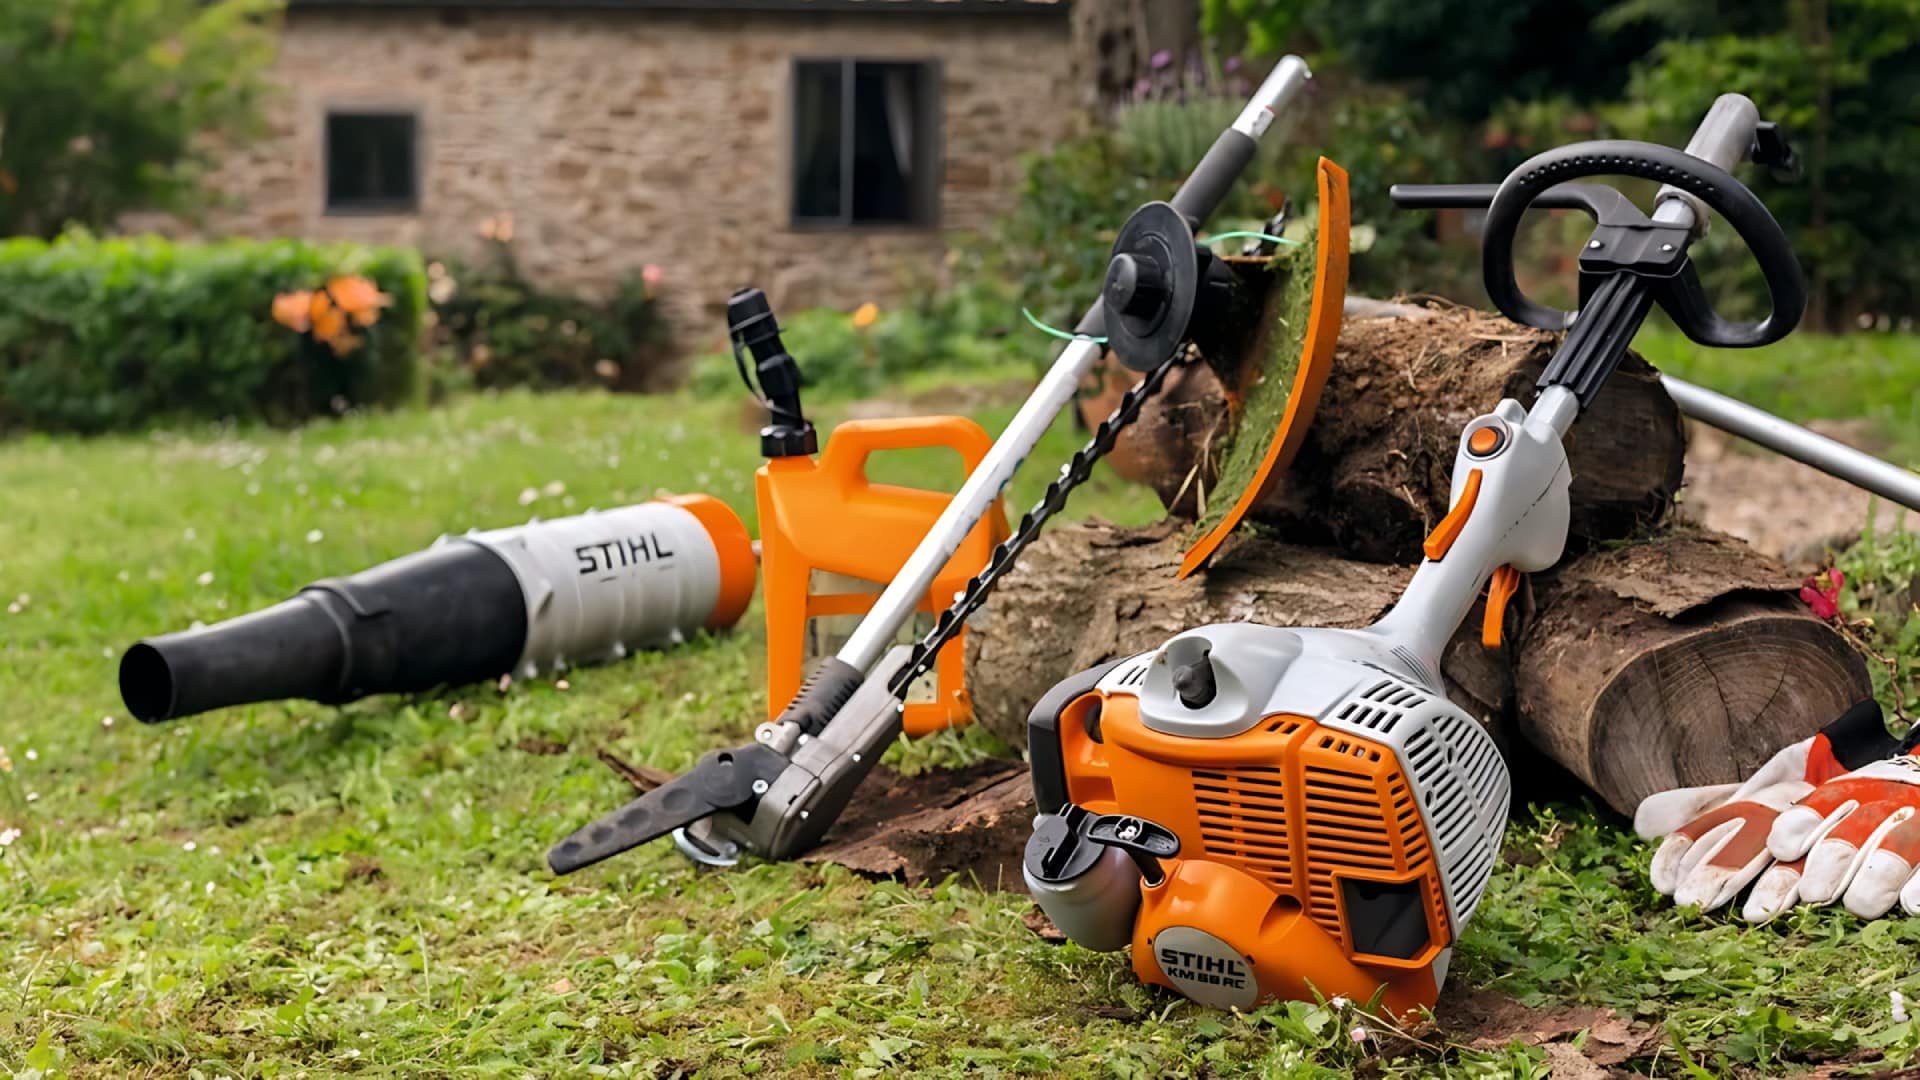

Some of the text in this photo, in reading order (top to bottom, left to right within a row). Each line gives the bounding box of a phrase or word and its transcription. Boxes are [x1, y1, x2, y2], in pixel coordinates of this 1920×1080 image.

[575, 532, 674, 574] STIHL
[1161, 948, 1246, 977] STIHL
[1167, 967, 1195, 981] KM
[1222, 977, 1245, 990] RC
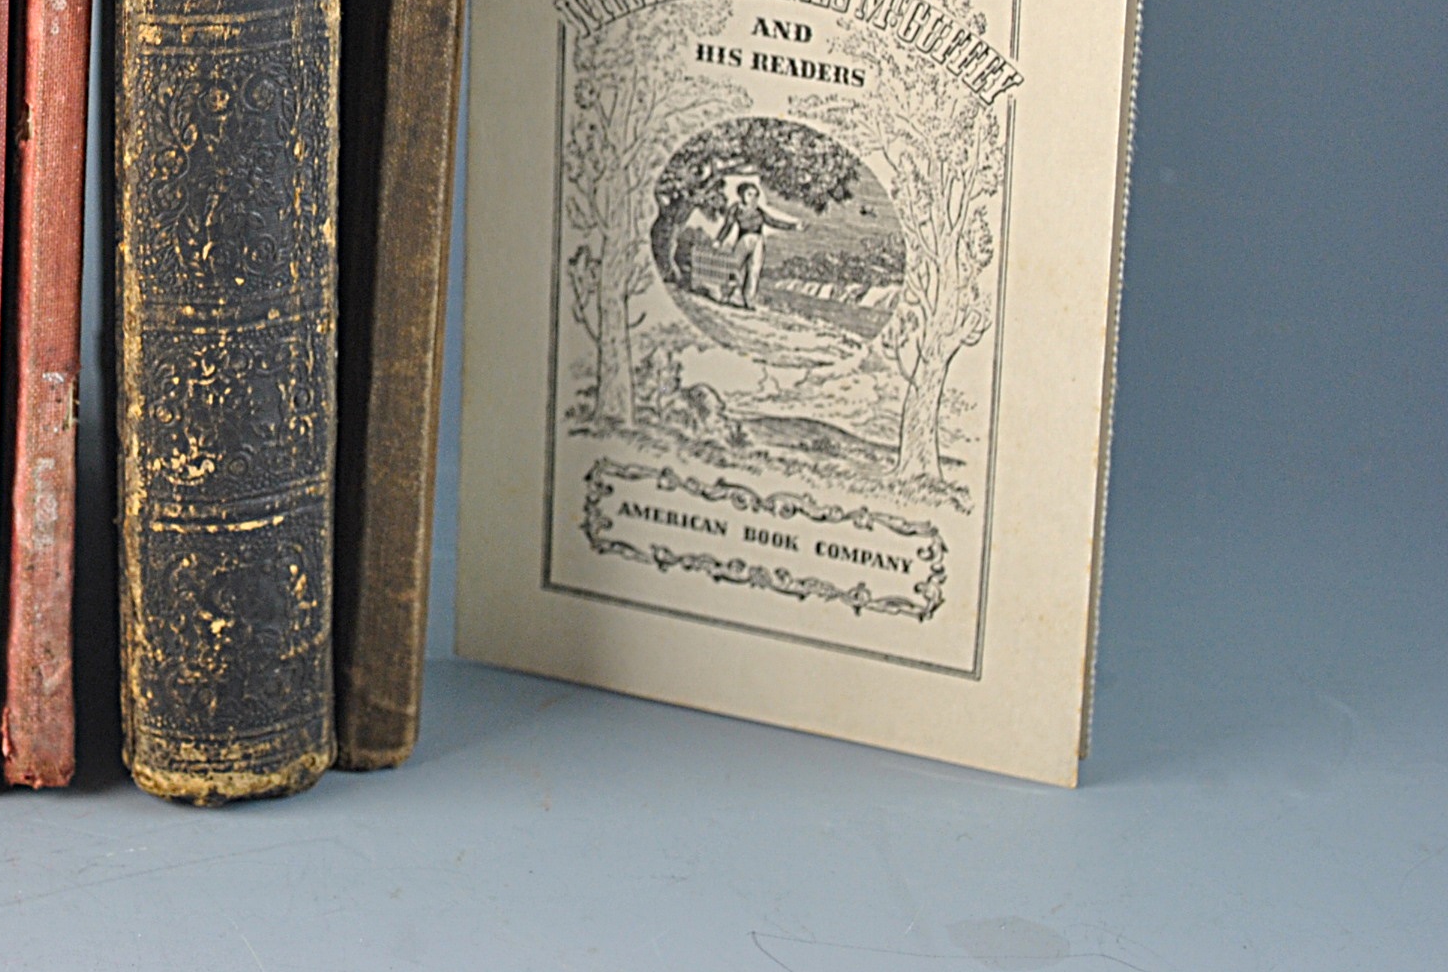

============

* WORK TO COMPLETE: All of the material above needs to be restated exactly, with no pictures.

* ANSWER BOX:
Some of the text in this photo, in reading order (top to bottom, left to right within a row). Each line gives the bounding box of a phrase or word and its transcription. Boxes are [x1, y1, x2, y2], in pixel coordinates of this 1920×1080 image.

[575, 532, 674, 574] STIHL
[1161, 948, 1246, 977] STIHL
[1167, 967, 1195, 981] KM
[1222, 977, 1245, 990] RC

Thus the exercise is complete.